╭──
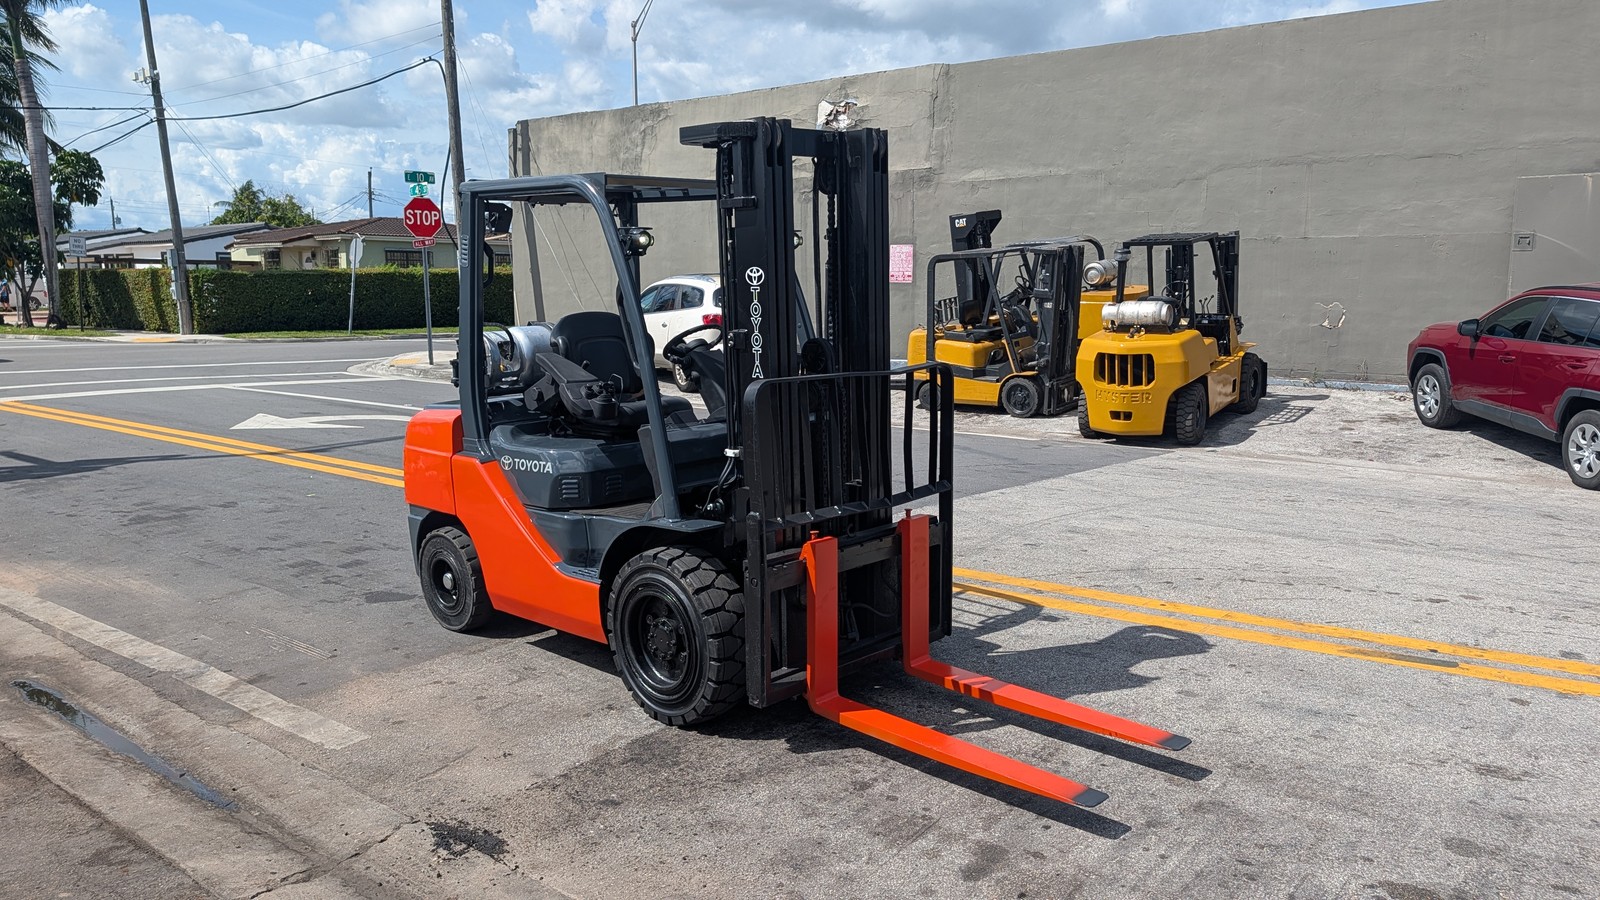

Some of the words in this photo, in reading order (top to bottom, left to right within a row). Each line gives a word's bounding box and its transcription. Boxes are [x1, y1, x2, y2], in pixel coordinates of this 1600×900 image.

[416, 172, 424, 182] 10
[406, 209, 439, 226] STOP
[955, 217, 967, 228] CAT
[750, 286, 764, 379] TOYOTA
[1095, 389, 1153, 404] HYSTER
[514, 458, 553, 474] TOYOTA
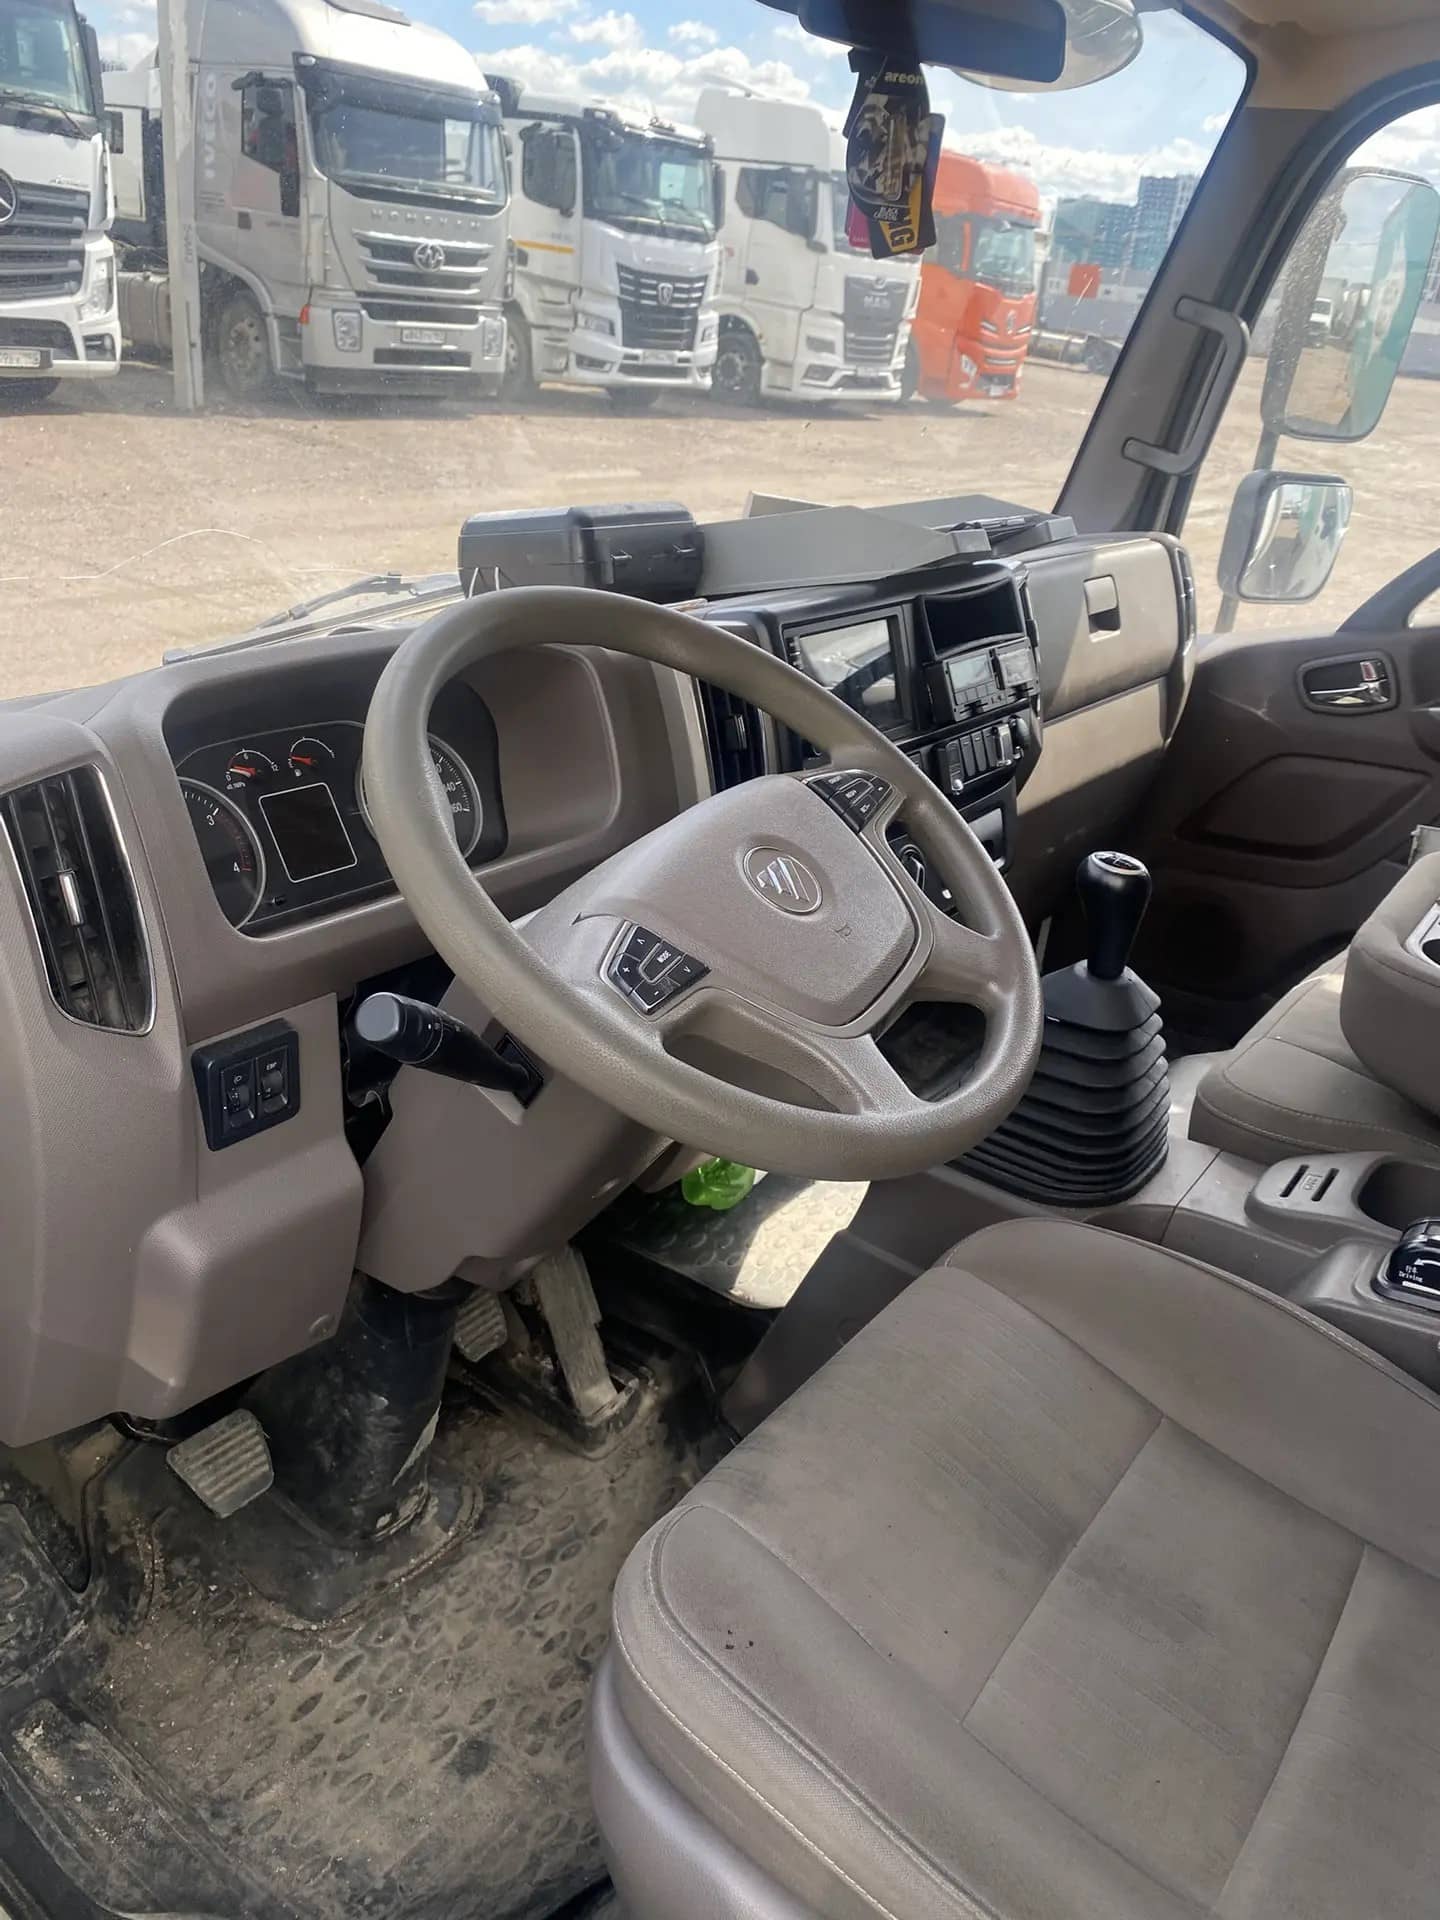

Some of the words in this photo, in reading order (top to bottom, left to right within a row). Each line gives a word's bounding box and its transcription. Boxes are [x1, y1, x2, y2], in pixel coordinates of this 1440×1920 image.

[884, 71, 924, 85] areon
[206, 814, 215, 826] 3
[233, 861, 241, 873] 4
╰──
> [TRY IT]: The records above should be written out in full and unchanged, except that pictures are dropped.

> [EXERCISE RESPONSE]:
Some of the words in this photo, in reading order (top to bottom, left to right within a row). Each line gives a word's bounding box and its transcription. Boxes are [x1, y1, x2, y2], in pixel coordinates of this 1600×900 image.

[416, 172, 424, 182] 10
[406, 209, 439, 226] STOP
[955, 217, 967, 228] CAT
[750, 286, 764, 379] TOYOTA
[1095, 389, 1153, 404] HYSTER
[514, 458, 553, 474] TOYOTA

Some of the words in this photo, in reading order (top to bottom, left to right within a row). Each line gives a word's bounding box and its transcription. Boxes are [x1, y1, x2, y2], in pixel coordinates of this 1440×1920 image.

[884, 71, 924, 85] areon
[206, 814, 215, 826] 3
[233, 861, 241, 873] 4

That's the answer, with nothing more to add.